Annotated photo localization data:

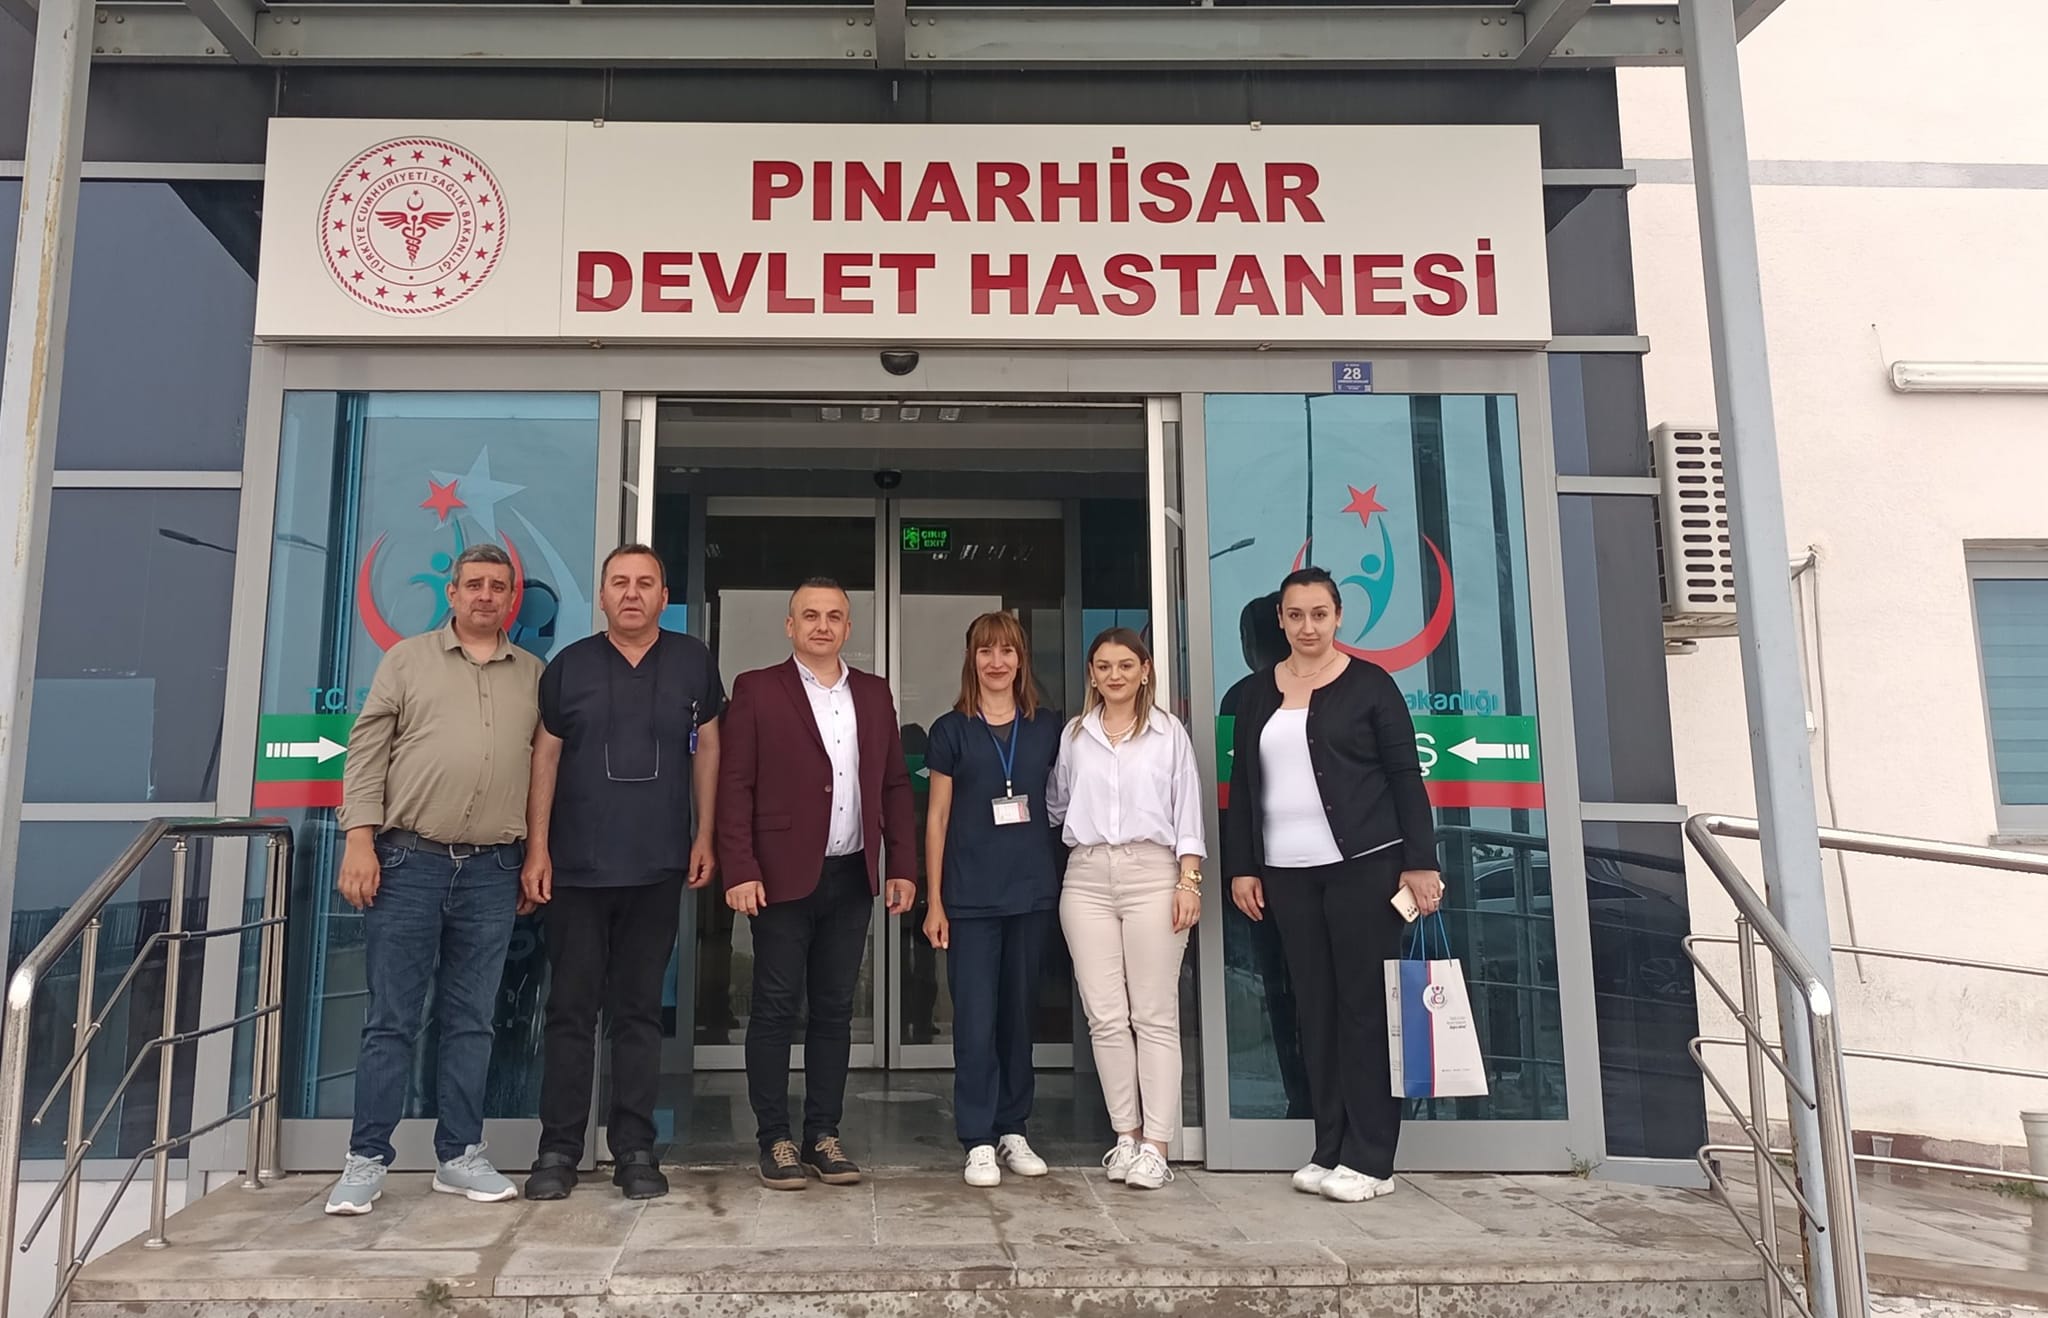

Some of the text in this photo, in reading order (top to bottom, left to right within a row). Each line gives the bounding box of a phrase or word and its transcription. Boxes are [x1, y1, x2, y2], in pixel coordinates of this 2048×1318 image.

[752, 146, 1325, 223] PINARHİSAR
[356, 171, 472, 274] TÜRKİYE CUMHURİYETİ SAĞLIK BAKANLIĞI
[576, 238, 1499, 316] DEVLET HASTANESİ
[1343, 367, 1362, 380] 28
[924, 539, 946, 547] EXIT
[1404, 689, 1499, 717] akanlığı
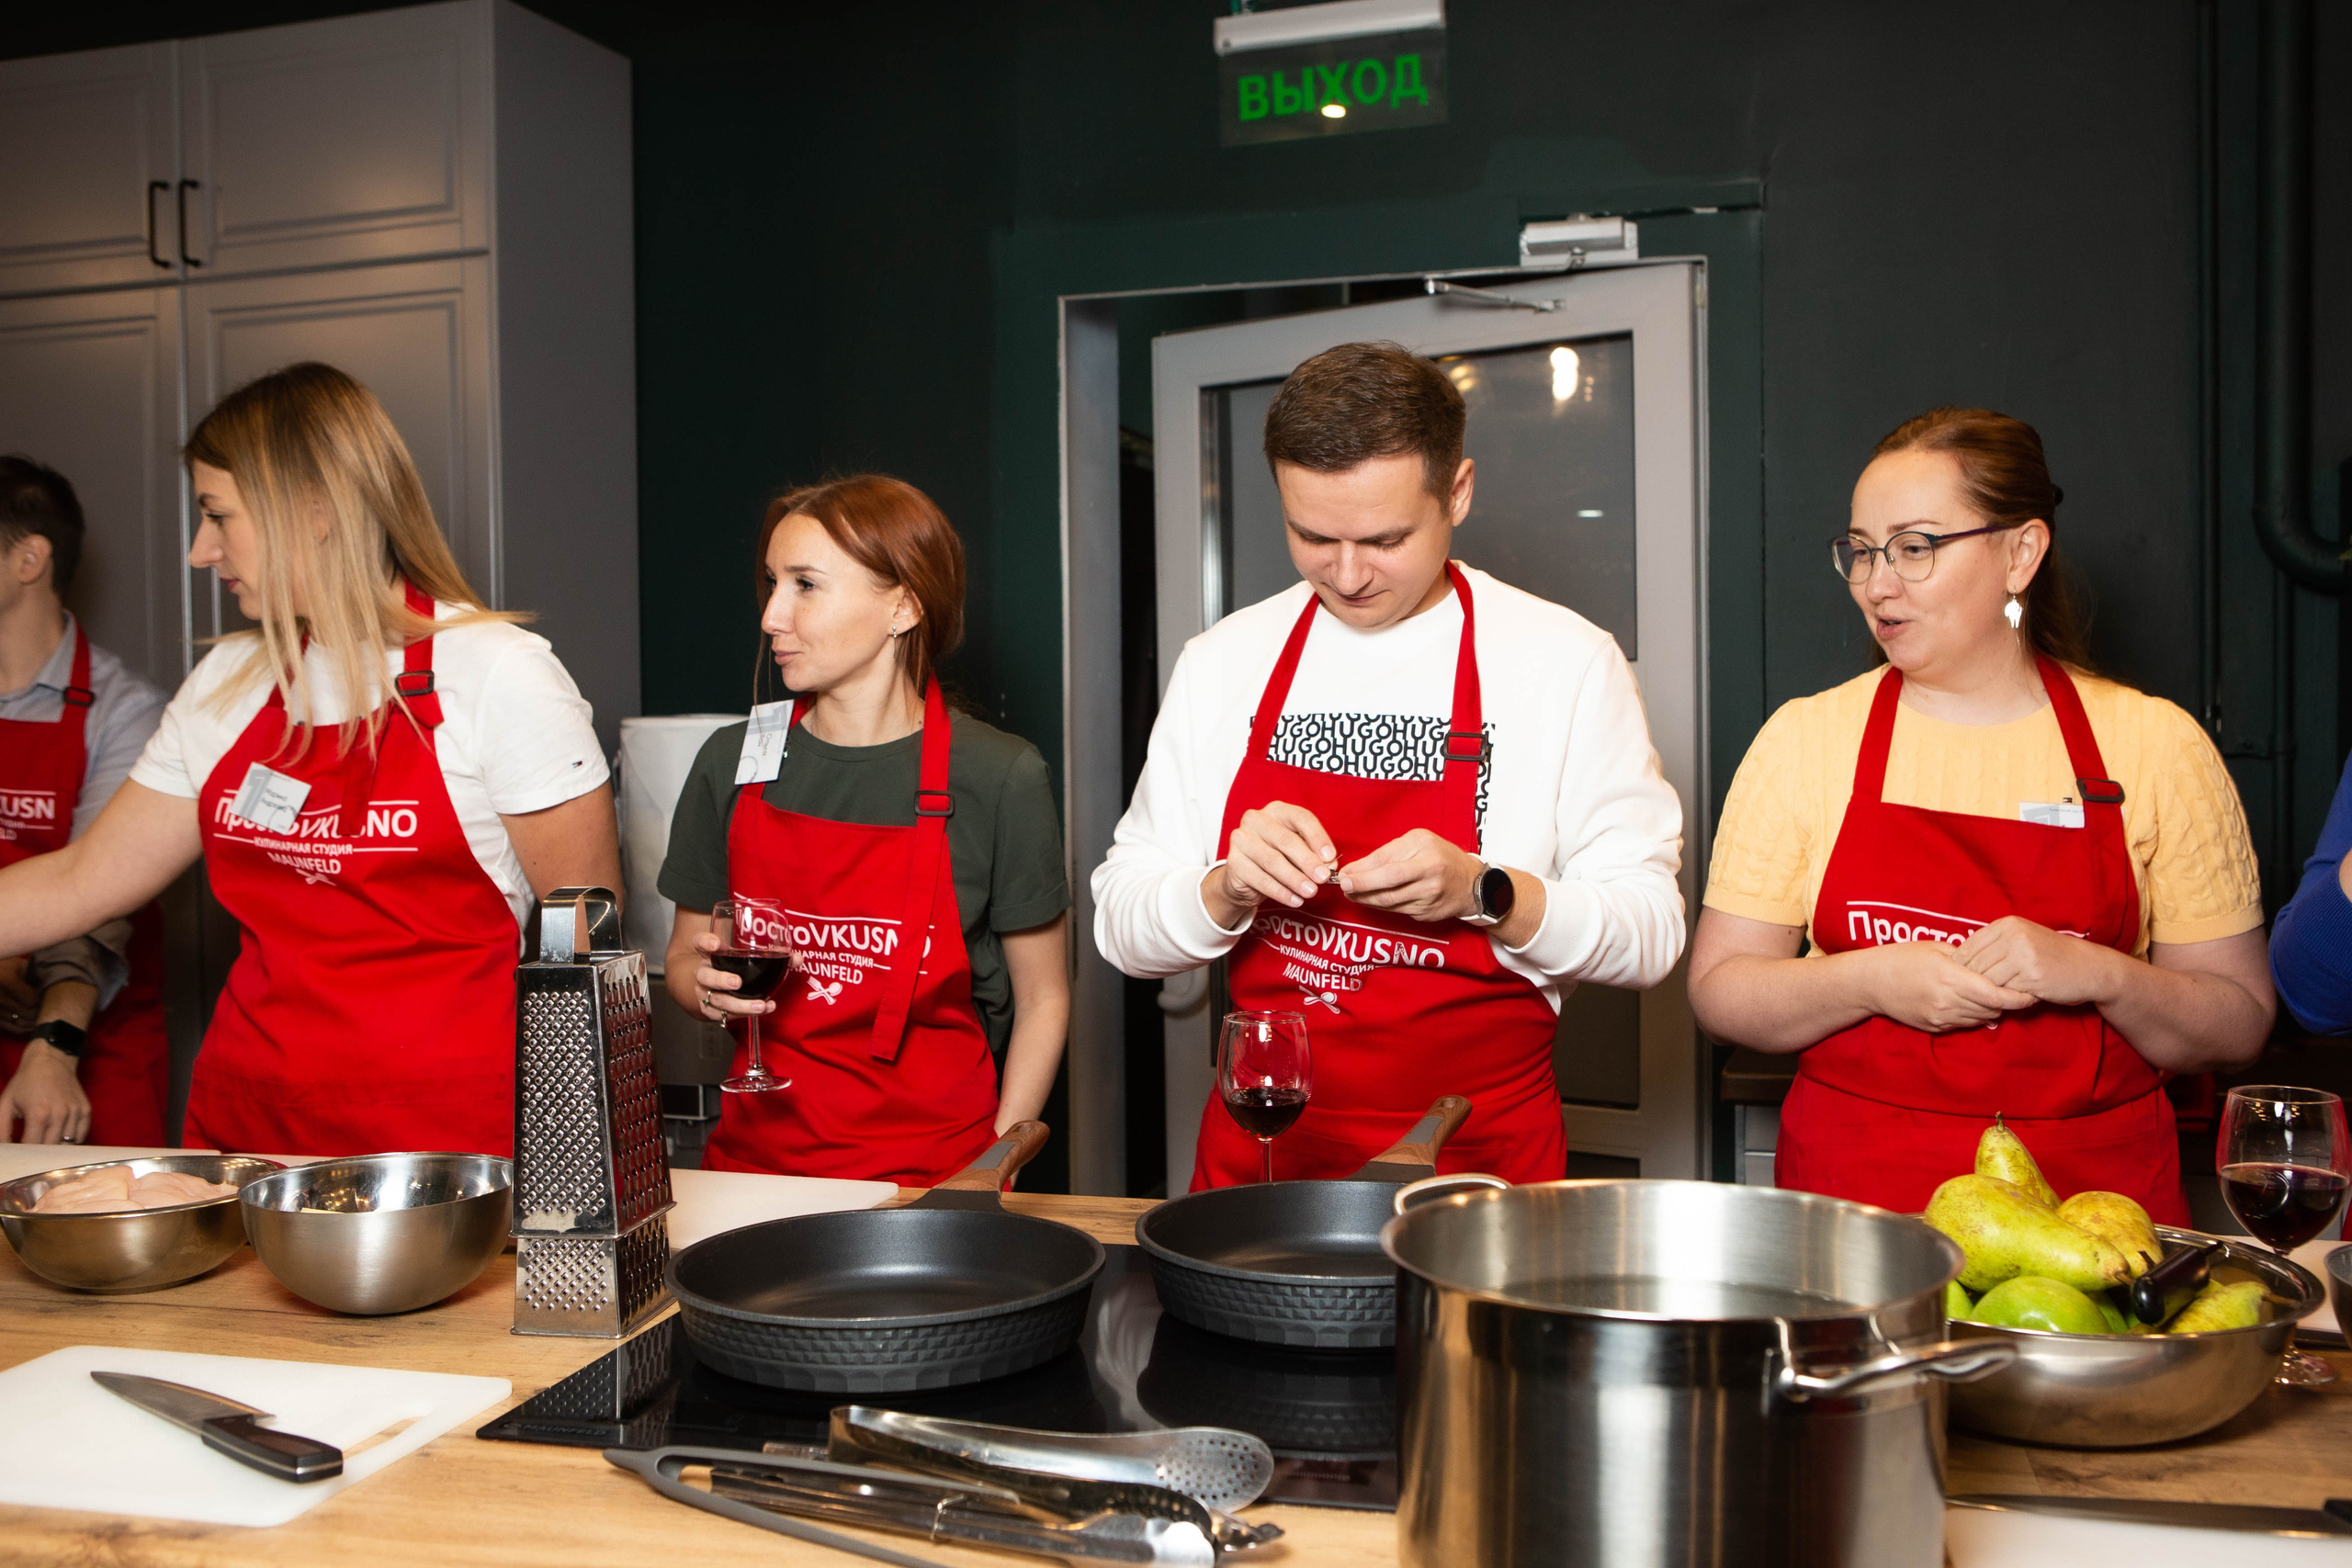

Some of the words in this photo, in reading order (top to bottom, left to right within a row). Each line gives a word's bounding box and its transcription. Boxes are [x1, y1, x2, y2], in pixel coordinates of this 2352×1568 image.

» What you need to do:
Each entry, word for word, belongs in your answer; each picture does not.

» Exercise answer:
Some of the text in this photo, in reading order (top to bottom, left to right within a row). Each line gives the bounding box of a phrase or word and its transcription. Boxes are [x1, y1, x2, y2], in pixel coordinates of this 2048×1318 image.

[752, 146, 1325, 223] PINARHİSAR
[356, 171, 472, 274] TÜRKİYE CUMHURİYETİ SAĞLIK BAKANLIĞI
[576, 238, 1499, 316] DEVLET HASTANESİ
[1343, 367, 1362, 380] 28
[924, 539, 946, 547] EXIT
[1404, 689, 1499, 717] akanlığı

Some of the words in this photo, in reading order (top to bottom, left to right within a row). Each line gives a word's bounding box and its transcription. Boxes are [x1, y1, x2, y2], in pixel coordinates of this 2352×1568 image.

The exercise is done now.